Prayer runs parallel with the will of God, “who will have all men to be saved and to come unto the knowledge of the truth.”

Prayer reaches up to heaven, and brings heaven down to earth. Prayer has in its hands a double blessing. It rewards him who prays, and blesses him who is prayed for. It brings peace to warring passions and calms warring elements. Tranquillity is the happy fruit of true praying. There is an inner calm which comes to him who prays and an outer calm as well. Prayer creates “quiet and peaceable lives in all godliness and honesty.”

Right praying not only makes life beautiful in peace, but redolent in righteousness and weighty in influence. Honesty, gravity, integrity and weight in character are the natural and essential fruits of prayer.

It is this kind of world-wide, large-hearted, unselfish praying which pleases God well, and which is acceptable in His sight, because it cooperates with His will and runs in gracious streams to all men and to each man. It is this kind of praying which the man Christ Jesus did when on earth, and the same kind which He is now doing at His Father’s right hand in heaven, as our Mighty Intercessor. He is the pattern of prayer. He is between God and man, the one Mediator, who gave Himself a ransom for all men, and for each man.

So it is that true prayer links itself to the will of God, and runs in streams of solicitude, and compassion, and intercession for men. As Jesus Christ died for every one involved in the fall, so prayer girdles every one and gives itself for the benefit of every one. Like our one Mediator between God and man, he who prays stands midway between God and man, with prayers, supplications, “and strong cryings and tears.” Prayer holds in its grasp the movements of the race of man, and embraces the destinies of men for all eternity. The king and the beggar are both affected by it. It touches heaven and moves earth. Prayer holds earth to heaven and brings heaven in close contact with earth.

“Your guides and brethren bear

Forever on your mind;

Extend the arms of mighty prayer

In grasping all mankind.”

XIII. PRAYER AND MISSIONS

“One day, about this time, I heard an unusual bleating amongst my few remaining goats, as if they were being killed or tortured. I rushed to the goat-house and found myself instantly surrounded by a band of armed men. The snare had caught me, their weapons were raised, and I expected the next moment to die. But God moved me to talk to them firmly and kindly; I warned them of their sin and its punishment; I showed them that only my love and pity led me to remain there seeking their good, and that if they killed me they killed their best friend. I further assured them I was not afraid to die, for at death my Saviour would take me to heaven and that I would be far happier than on earth; and that my only desire to live was to make them happy by teaching them to love Jesus Christ my Lord.
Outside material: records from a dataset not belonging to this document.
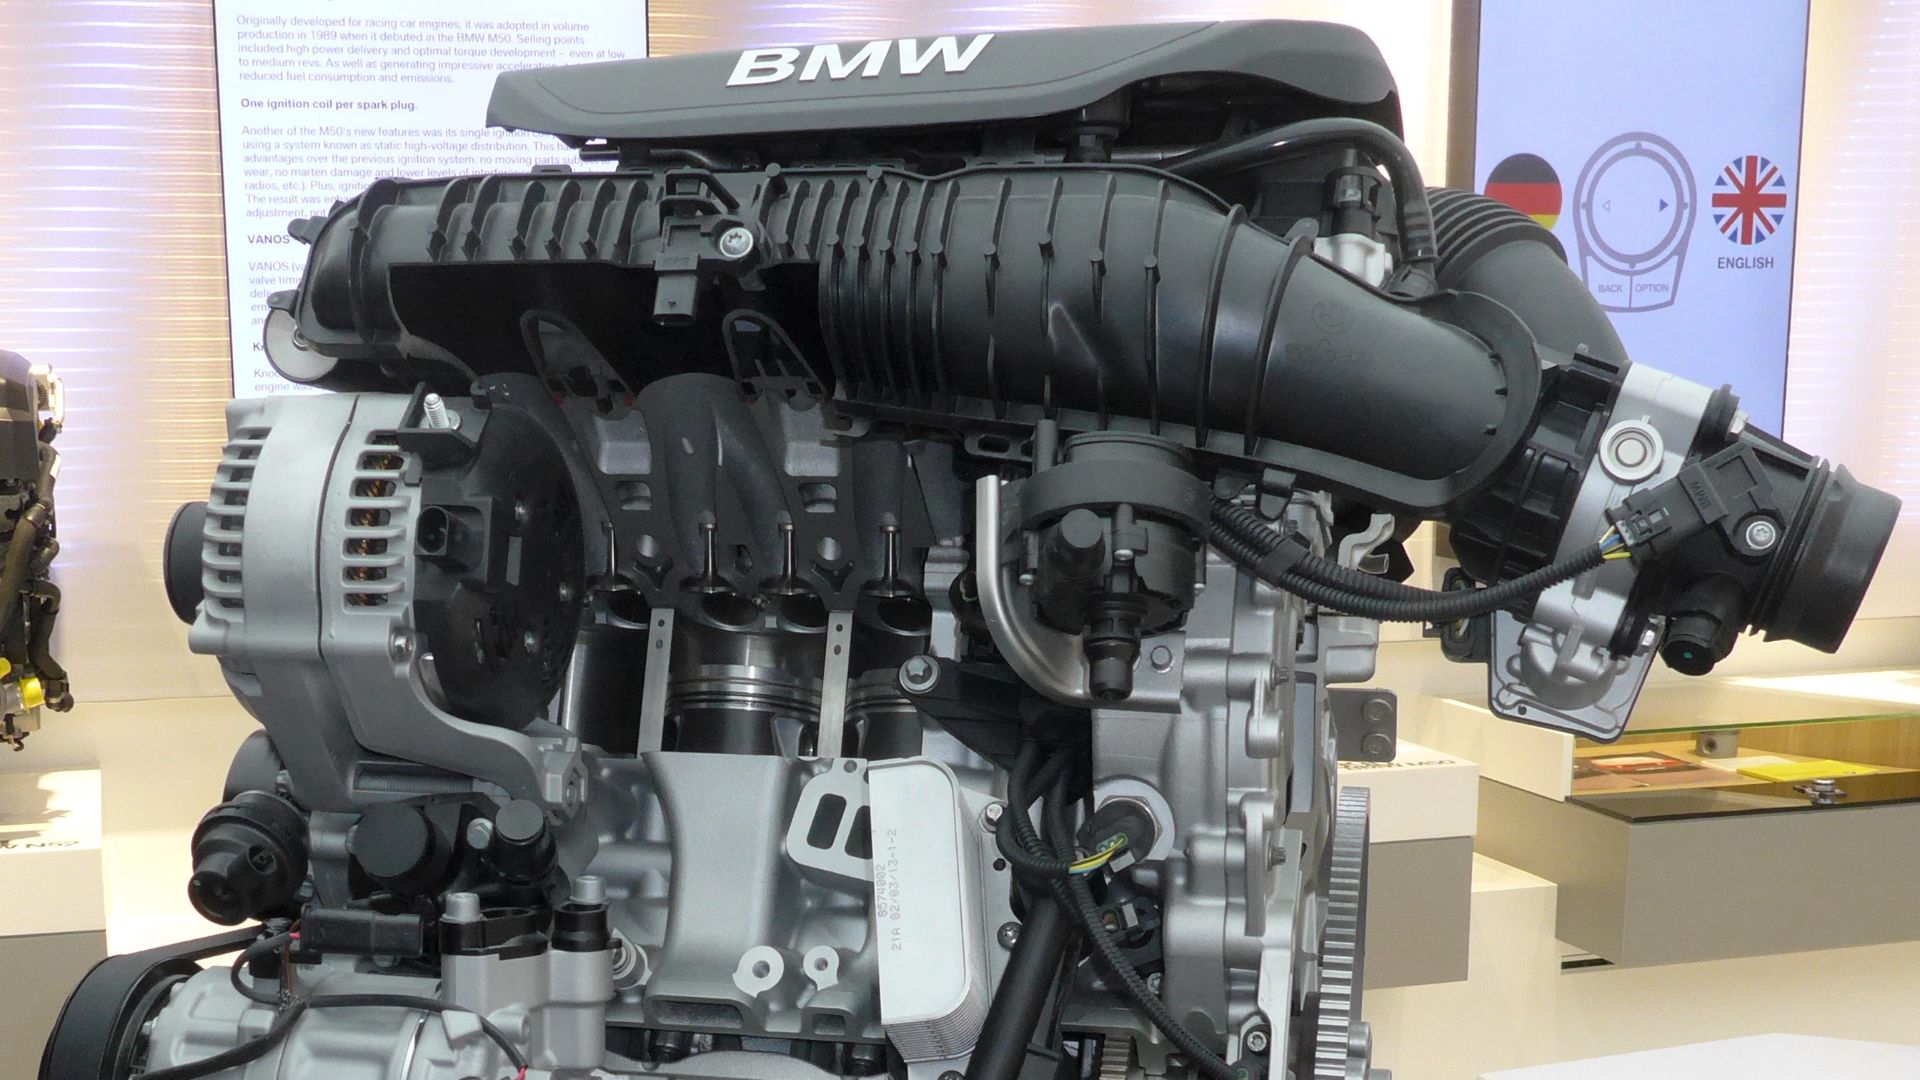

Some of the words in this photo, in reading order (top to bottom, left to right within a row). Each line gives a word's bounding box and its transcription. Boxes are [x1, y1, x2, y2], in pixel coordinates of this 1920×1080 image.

[236, 15, 287, 28] Originally
[290, 17, 346, 28] developed
[349, 18, 361, 26] for
[365, 18, 398, 30] racing
[465, 20, 472, 29] it
[496, 20, 538, 32] adopted
[542, 22, 550, 30] in
[552, 22, 590, 31] volume
[237, 30, 294, 42] production
[298, 31, 306, 39] in
[312, 30, 337, 40] 1989
[340, 31, 368, 40] when
[371, 32, 377, 41] it
[380, 32, 423, 42] debuted
[426, 33, 434, 42] in
[438, 33, 454, 42] the
[457, 34, 485, 43] BMW
[516, 34, 551, 46] Selling
[554, 36, 585, 46] points
[238, 44, 284, 53] included
[286, 44, 309, 56] high
[312, 46, 346, 56] power
[347, 45, 388, 57] delivery
[391, 46, 410, 55] and
[413, 46, 451, 58] optimal
[454, 48, 487, 58] torque
[490, 48, 556, 60] development
[596, 50, 605, 58] at
[608, 49, 625, 58] low
[239, 58, 249, 66] to
[252, 58, 295, 67] medium
[326, 58, 339, 68] As
[342, 58, 363, 68] well
[380, 60, 436, 71] generating
[438, 61, 493, 72] impressive
[726, 34, 995, 87] BMW
[240, 72, 283, 81] reduced
[286, 72, 305, 81] fuel
[308, 72, 376, 84] consumption
[378, 73, 397, 82] and
[241, 98, 264, 108] One
[267, 99, 310, 110] ignition
[312, 100, 332, 108] coil
[336, 101, 353, 111] per
[357, 100, 388, 111] spark
[242, 126, 284, 136] Another
[286, 126, 298, 136] of
[300, 126, 316, 136] the
[378, 127, 420, 137] features
[445, 128, 457, 137] its
[460, 128, 490, 140] single
[243, 141, 271, 151] using
[283, 141, 320, 152] system
[324, 140, 356, 150] known
[374, 141, 400, 150] static
[404, 141, 467, 152] high-voltage
[533, 142, 554, 150] This
[244, 154, 303, 165] advantages
[332, 154, 348, 163] the
[351, 155, 394, 165] previous
[398, 154, 435, 166] ignition
[495, 155, 532, 166] moving
[535, 156, 560, 166] parts
[291, 168, 327, 176] marten
[330, 168, 372, 179] damage
[375, 168, 394, 177] and
[397, 168, 424, 177] lower
[428, 168, 456, 176] levels
[459, 168, 469, 176] of
[246, 194, 265, 204] The
[269, 194, 298, 204] result
[248, 235, 290, 244] VANOS
[249, 262, 289, 271] VANOS
[1717, 257, 1774, 270] ENGLISH
[250, 276, 276, 285] valve
[1598, 284, 1622, 293] BACK
[1635, 284, 1669, 293] OPTION
[255, 382, 290, 393] engine
[891, 927, 902, 952] 21A
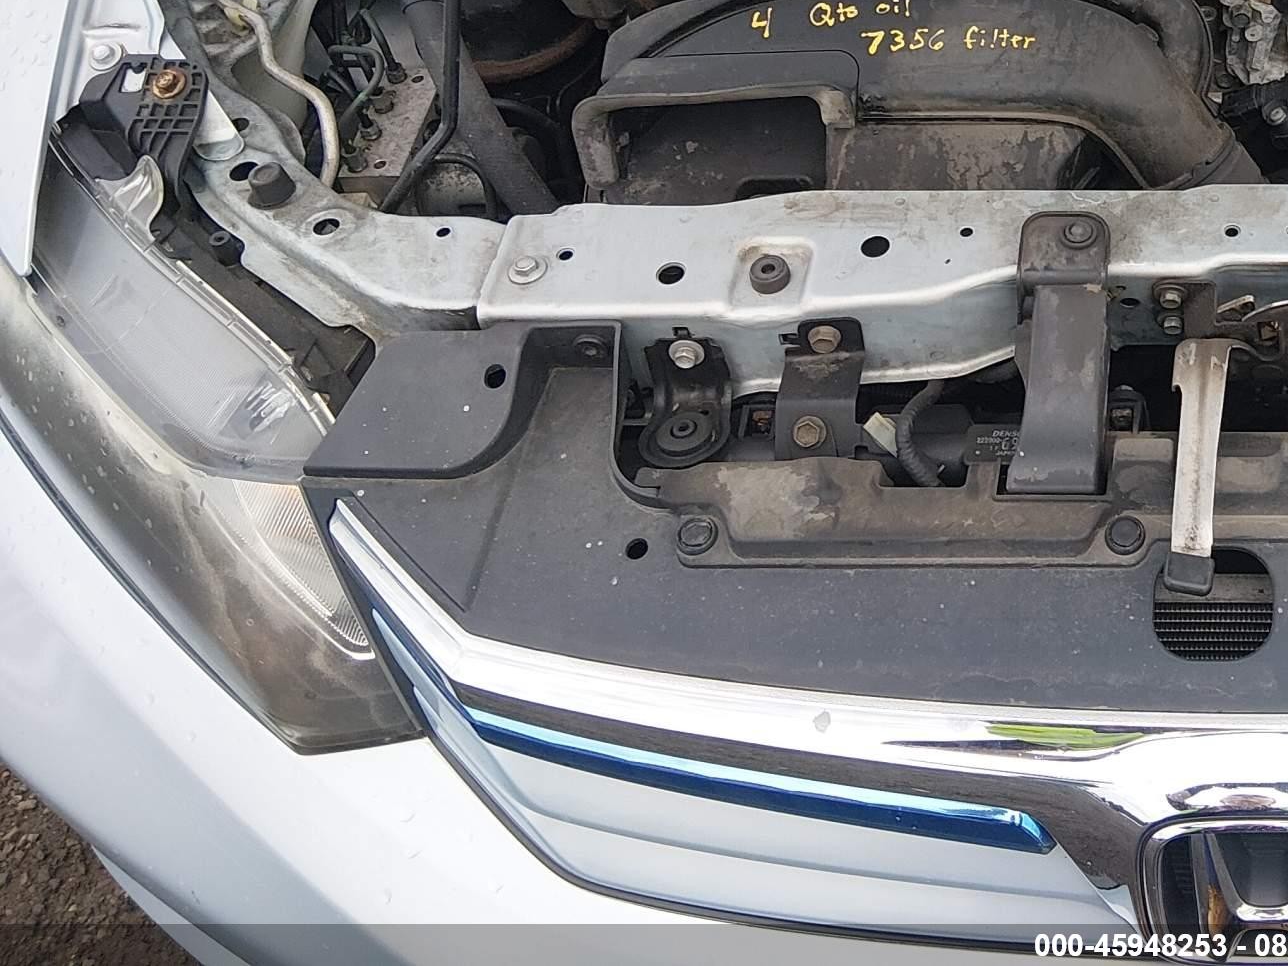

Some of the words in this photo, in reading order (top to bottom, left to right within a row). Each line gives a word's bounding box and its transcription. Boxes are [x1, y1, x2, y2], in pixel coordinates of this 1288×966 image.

[751, 7, 773, 39] 4
[860, 29, 946, 55] 7356
[962, 25, 1037, 51] filter
I then lifted up my hands and eyes to the heavens and prayed aloud for Jesus to bless all my Tannese and to protect me or take me to heaven as He saw to be for the best. One after another they slipped away from me and Jesus restrained them again. Did ever mother run more quickly to protect her crying child in danger’s hour than the Lord Jesus hastens to answer believing prayer and send help to His servants in His own good time and way, so far as it shall be for their good and His glory.”—John G. Paton

Missions mean the giving of the Gospel to those of Adam’s fallen race who have never heard of Christ and his atoning death. It means the giving to others the opportunity to hear of salvation through our Lord Jesus Christ, and allowing others to have a chance to receive, and accept the blessings of the Gospel, as we have it in Christianised lands. It means that those who enjoy the benefits of the Gospel give these same religious advantages and Gospel privileges to all of mankind. Prayer has a great deal to do with missions. Prayer is the hand-maid of missions. The success of all real missionary effort is dependent on prayer. The life and spirit of missions are the life and spirit of prayer. Both prayer and missions were born in the Divine Mind. Prayer and missions are bosom companions. Prayer creates and makes missions successful, while missions lean heavily on prayer. In Psalm 72, one which deals with the Messiah, it is stated that “prayer shall be made for him continually.” Prayer would be made for His coming to save man, and prayer would be made for the success of the plan of salvation which He would come to set on foot.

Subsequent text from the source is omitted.